Proof that Defendant was not at her post or that she failed to ensure that all lights were working would not establish deliberate indifference. At most, such evidence might establish negligence. But neither negligence nor even gross negligence constitutes deliberate indifference. Borello v. Allison, 446 F.3d 742, 749 (7th Cir. 2006) (citing Wilson v. Seiter, 501 U.S. 294, 305 (1991)).
Nor does proof that Defendant was unaware of a specific threat establish the absence of deliberate indifference. "A prison official `cannot escape liability by showing that he did not know that a plaintiff was especially likely to be assaulted by the specific prisoner who eventually committed the assault.'" Dale, 548 F.3d at 569. "On the other hand, as the vagueness of a threat increases, the likelihood of `actual knowledge of impending harm' decreases." Id. (quoting Fisher v. Lovejoy, 414 F.3d 659, 662 (7th Cir. 2005)).
The summary judgment evidence is unclear as to whether Defendant knowingly allowed a dangerous situation to exist. Defendant avers in her affidavit that she "did not let any detainees out of their cells who should not have been," (R. 34, Exh. C ¶ 27), but her incident report charged inmate Murray with stabbing Plaintiff and further stated that Murray was from the lcokdown portion of the tier. (R. 41, Pl's SOF, Exh. G.) Plaintiff stated in his deposition that the inmates on the other half of his tier "were sending messages to Officer Anderson asking her to let them out," (R. 34, Exh. B, Pl's Depo. at 28), and that Defendant opened several cells while he was watching television in the dayroom. (R. 41, Exh. H, Pl's Depo. at 37.) According to Plaintiff, the inmates let out of their cells did not come to the dayroom but, instead, "stayed in the corridor" area by the cells. (Id. at 38.)
It is unclear from the current record why only half of the inmates on Plaintiff's tier were let out of their cells at a time; whether there is a safety reason that Defendant disregarded; whether there was a known risk with letting out certain inmates from the locked cells in Plaintiff's tier; and whether Defendant let certain inmates out in disregard to a known risk. Even though Plaintiff was not specifically threatened, if releasing certain inmates from their cells posed a known risk, Defendant's action of opening those cells may constitute deliberate indifference.
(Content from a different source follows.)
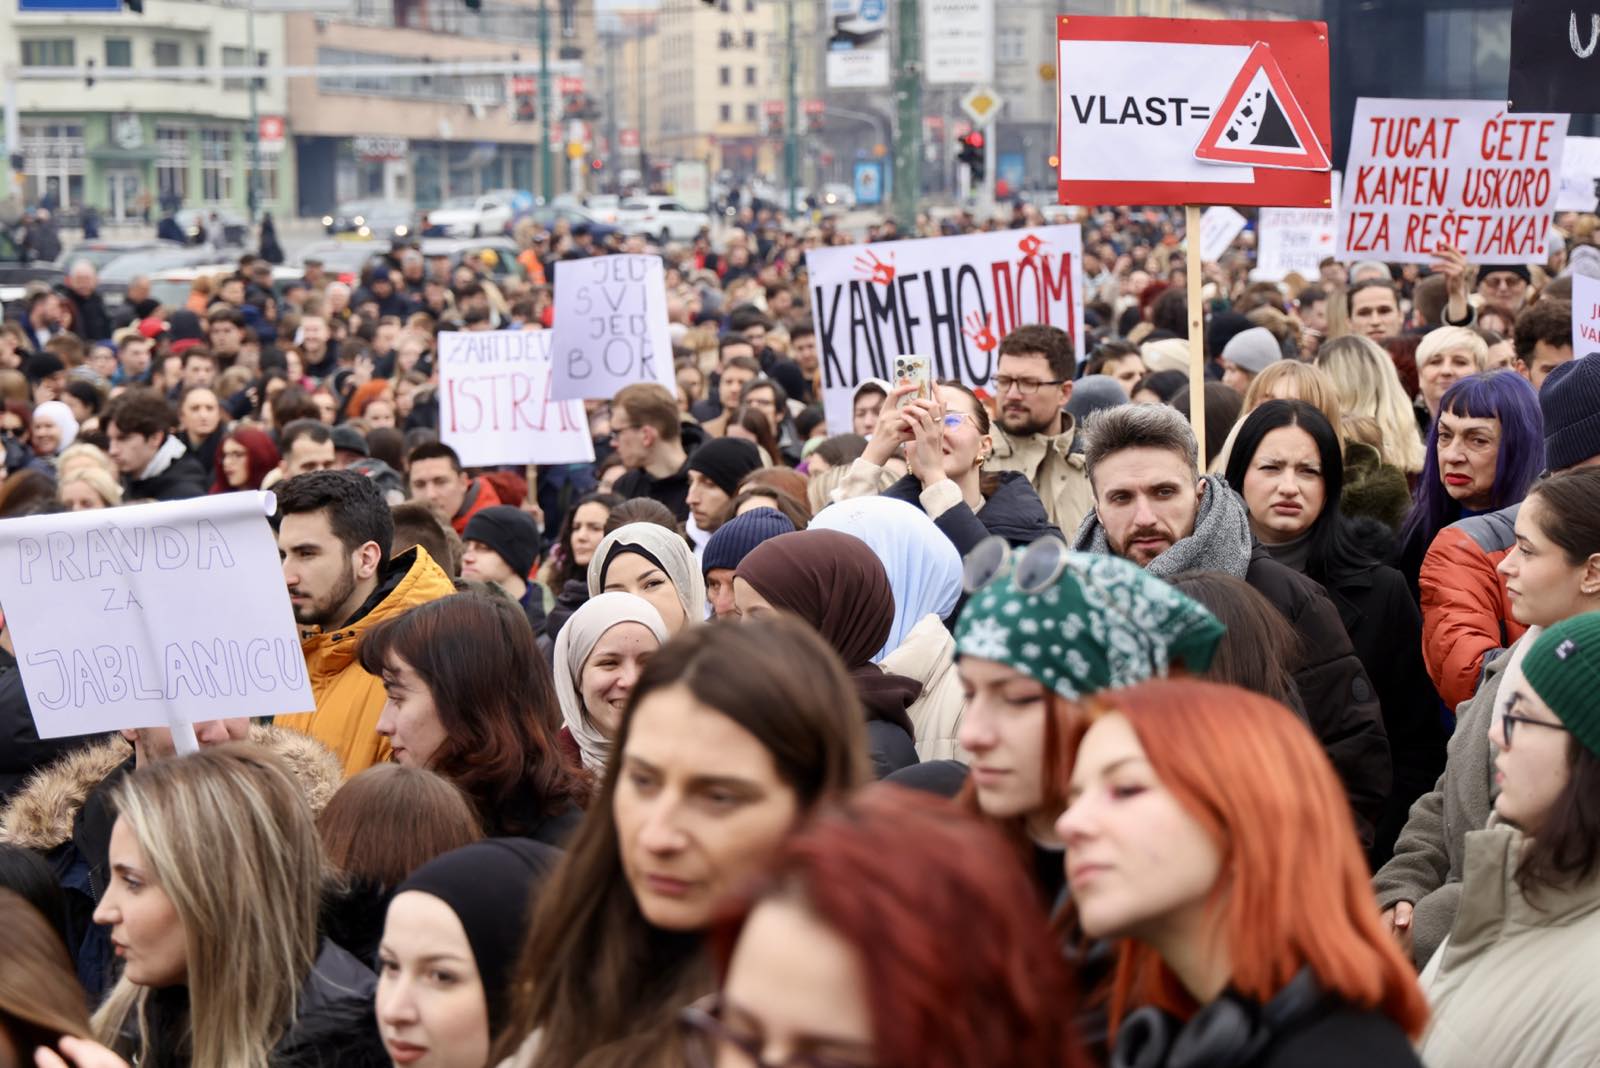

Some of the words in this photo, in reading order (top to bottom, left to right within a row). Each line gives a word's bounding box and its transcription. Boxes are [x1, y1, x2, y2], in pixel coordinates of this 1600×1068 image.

Accordingly, there are issues of material fact remaining. Defendant's motion for summary judgment is therefore denied without prejudice to her again seeking summary judgment if she is able to answer the currently unresolved questions discussed above.
IV. CONCLUSION
For the reasons stated herein, Defendant's motion for summary judgment [32] is denied without prejudice. Defendant may file another motion for summary judgment if she is able to answer the unresolved issues discussed in this opinion.